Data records
▬▬▬▬▬▬▬▬▬▬
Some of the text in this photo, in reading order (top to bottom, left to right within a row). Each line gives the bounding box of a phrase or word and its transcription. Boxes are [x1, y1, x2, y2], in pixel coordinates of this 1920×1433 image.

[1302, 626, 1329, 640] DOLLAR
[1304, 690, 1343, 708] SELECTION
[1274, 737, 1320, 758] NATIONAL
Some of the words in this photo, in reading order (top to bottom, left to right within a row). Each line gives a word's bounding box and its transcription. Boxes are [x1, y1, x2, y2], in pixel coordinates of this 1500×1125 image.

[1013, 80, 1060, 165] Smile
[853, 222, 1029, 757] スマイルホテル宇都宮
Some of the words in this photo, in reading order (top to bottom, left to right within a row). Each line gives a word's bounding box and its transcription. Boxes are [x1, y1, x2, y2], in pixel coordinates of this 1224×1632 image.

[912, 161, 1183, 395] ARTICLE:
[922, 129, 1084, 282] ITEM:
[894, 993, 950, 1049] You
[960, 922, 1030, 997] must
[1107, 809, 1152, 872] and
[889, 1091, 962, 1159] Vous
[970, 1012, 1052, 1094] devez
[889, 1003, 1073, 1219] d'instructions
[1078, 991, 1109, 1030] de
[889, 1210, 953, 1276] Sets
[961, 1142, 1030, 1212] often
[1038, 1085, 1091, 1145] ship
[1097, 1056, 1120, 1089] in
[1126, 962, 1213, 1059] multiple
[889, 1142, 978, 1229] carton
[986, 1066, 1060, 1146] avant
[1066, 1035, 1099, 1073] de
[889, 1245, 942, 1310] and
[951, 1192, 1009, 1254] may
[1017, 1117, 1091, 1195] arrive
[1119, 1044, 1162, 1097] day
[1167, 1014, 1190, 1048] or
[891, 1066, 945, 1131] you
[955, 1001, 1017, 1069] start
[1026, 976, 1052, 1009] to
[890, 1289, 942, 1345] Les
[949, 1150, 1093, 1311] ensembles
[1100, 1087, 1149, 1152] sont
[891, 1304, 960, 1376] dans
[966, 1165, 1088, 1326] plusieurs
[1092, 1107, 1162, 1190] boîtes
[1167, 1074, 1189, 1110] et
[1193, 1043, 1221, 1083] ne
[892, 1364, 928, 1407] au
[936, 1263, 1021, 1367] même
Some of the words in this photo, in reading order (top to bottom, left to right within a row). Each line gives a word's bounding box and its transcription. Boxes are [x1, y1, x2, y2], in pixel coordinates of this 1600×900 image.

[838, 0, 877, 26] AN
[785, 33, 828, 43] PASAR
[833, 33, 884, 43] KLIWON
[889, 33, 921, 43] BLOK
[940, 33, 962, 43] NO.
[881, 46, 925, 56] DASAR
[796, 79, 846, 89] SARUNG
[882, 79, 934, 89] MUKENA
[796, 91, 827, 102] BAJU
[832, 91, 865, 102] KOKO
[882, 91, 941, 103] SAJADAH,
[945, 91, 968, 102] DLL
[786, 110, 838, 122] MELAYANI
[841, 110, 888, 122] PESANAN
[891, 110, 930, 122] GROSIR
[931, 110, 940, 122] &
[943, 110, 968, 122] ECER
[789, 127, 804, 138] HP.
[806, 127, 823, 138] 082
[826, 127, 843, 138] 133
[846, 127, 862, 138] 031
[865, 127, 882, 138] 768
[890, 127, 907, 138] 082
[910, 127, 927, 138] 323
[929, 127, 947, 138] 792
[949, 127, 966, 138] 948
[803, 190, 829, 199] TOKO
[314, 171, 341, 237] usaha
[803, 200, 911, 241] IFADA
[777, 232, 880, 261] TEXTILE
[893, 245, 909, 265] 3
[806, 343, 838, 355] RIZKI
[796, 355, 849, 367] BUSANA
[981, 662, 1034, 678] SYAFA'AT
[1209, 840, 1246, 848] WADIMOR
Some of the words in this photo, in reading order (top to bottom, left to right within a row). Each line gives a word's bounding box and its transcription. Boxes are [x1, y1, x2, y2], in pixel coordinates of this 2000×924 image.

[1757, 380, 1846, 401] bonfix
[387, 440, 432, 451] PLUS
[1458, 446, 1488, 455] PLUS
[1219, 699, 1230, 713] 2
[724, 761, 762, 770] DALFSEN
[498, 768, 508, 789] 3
▬▬▬▬▬▬▬▬▬▬
» TASK BRIEF
Please retype all of the lines above exactly as they stand.

» OUTPUT OF THE EXERCISE
Some of the text in this photo, in reading order (top to bottom, left to right within a row). Each line gives the bounding box of a phrase or word and its transcription. Boxes are [x1, y1, x2, y2], in pixel coordinates of this 1920×1433 image.

[1302, 626, 1329, 640] DOLLAR
[1304, 690, 1343, 708] SELECTION
[1274, 737, 1320, 758] NATIONAL
Some of the words in this photo, in reading order (top to bottom, left to right within a row). Each line gives a word's bounding box and its transcription. Boxes are [x1, y1, x2, y2], in pixel coordinates of this 1500×1125 image.

[1013, 80, 1060, 165] Smile
[853, 222, 1029, 757] スマイルホテル宇都宮
Some of the words in this photo, in reading order (top to bottom, left to right within a row). Each line gives a word's bounding box and its transcription. Boxes are [x1, y1, x2, y2], in pixel coordinates of this 1224×1632 image.

[912, 161, 1183, 395] ARTICLE:
[922, 129, 1084, 282] ITEM:
[894, 993, 950, 1049] You
[960, 922, 1030, 997] must
[1107, 809, 1152, 872] and
[889, 1091, 962, 1159] Vous
[970, 1012, 1052, 1094] devez
[889, 1003, 1073, 1219] d'instructions
[1078, 991, 1109, 1030] de
[889, 1210, 953, 1276] Sets
[961, 1142, 1030, 1212] often
[1038, 1085, 1091, 1145] ship
[1097, 1056, 1120, 1089] in
[1126, 962, 1213, 1059] multiple
[889, 1142, 978, 1229] carton
[986, 1066, 1060, 1146] avant
[1066, 1035, 1099, 1073] de
[889, 1245, 942, 1310] and
[951, 1192, 1009, 1254] may
[1017, 1117, 1091, 1195] arrive
[1119, 1044, 1162, 1097] day
[1167, 1014, 1190, 1048] or
[891, 1066, 945, 1131] you
[955, 1001, 1017, 1069] start
[1026, 976, 1052, 1009] to
[890, 1289, 942, 1345] Les
[949, 1150, 1093, 1311] ensembles
[1100, 1087, 1149, 1152] sont
[891, 1304, 960, 1376] dans
[966, 1165, 1088, 1326] plusieurs
[1092, 1107, 1162, 1190] boîtes
[1167, 1074, 1189, 1110] et
[1193, 1043, 1221, 1083] ne
[892, 1364, 928, 1407] au
[936, 1263, 1021, 1367] même
Some of the words in this photo, in reading order (top to bottom, left to right within a row). Each line gives a word's bounding box and its transcription. Boxes are [x1, y1, x2, y2], in pixel coordinates of this 1600×900 image.

[838, 0, 877, 26] AN
[785, 33, 828, 43] PASAR
[833, 33, 884, 43] KLIWON
[889, 33, 921, 43] BLOK
[940, 33, 962, 43] NO.
[881, 46, 925, 56] DASAR
[796, 79, 846, 89] SARUNG
[882, 79, 934, 89] MUKENA
[796, 91, 827, 102] BAJU
[832, 91, 865, 102] KOKO
[882, 91, 941, 103] SAJADAH,
[945, 91, 968, 102] DLL
[786, 110, 838, 122] MELAYANI
[841, 110, 888, 122] PESANAN
[891, 110, 930, 122] GROSIR
[931, 110, 940, 122] &
[943, 110, 968, 122] ECER
[789, 127, 804, 138] HP.
[806, 127, 823, 138] 082
[826, 127, 843, 138] 133
[846, 127, 862, 138] 031
[865, 127, 882, 138] 768
[890, 127, 907, 138] 082
[910, 127, 927, 138] 323
[929, 127, 947, 138] 792
[949, 127, 966, 138] 948
[803, 190, 829, 199] TOKO
[314, 171, 341, 237] usaha
[803, 200, 911, 241] IFADA
[777, 232, 880, 261] TEXTILE
[893, 245, 909, 265] 3
[806, 343, 838, 355] RIZKI
[796, 355, 849, 367] BUSANA
[981, 662, 1034, 678] SYAFA'AT
[1209, 840, 1246, 848] WADIMOR
Some of the words in this photo, in reading order (top to bottom, left to right within a row). Each line gives a word's bounding box and its transcription. Boxes are [x1, y1, x2, y2], in pixel coordinates of this 2000×924 image.

[1757, 380, 1846, 401] bonfix
[387, 440, 432, 451] PLUS
[1458, 446, 1488, 455] PLUS
[1219, 699, 1230, 713] 2
[724, 761, 762, 770] DALFSEN
[498, 768, 508, 789] 3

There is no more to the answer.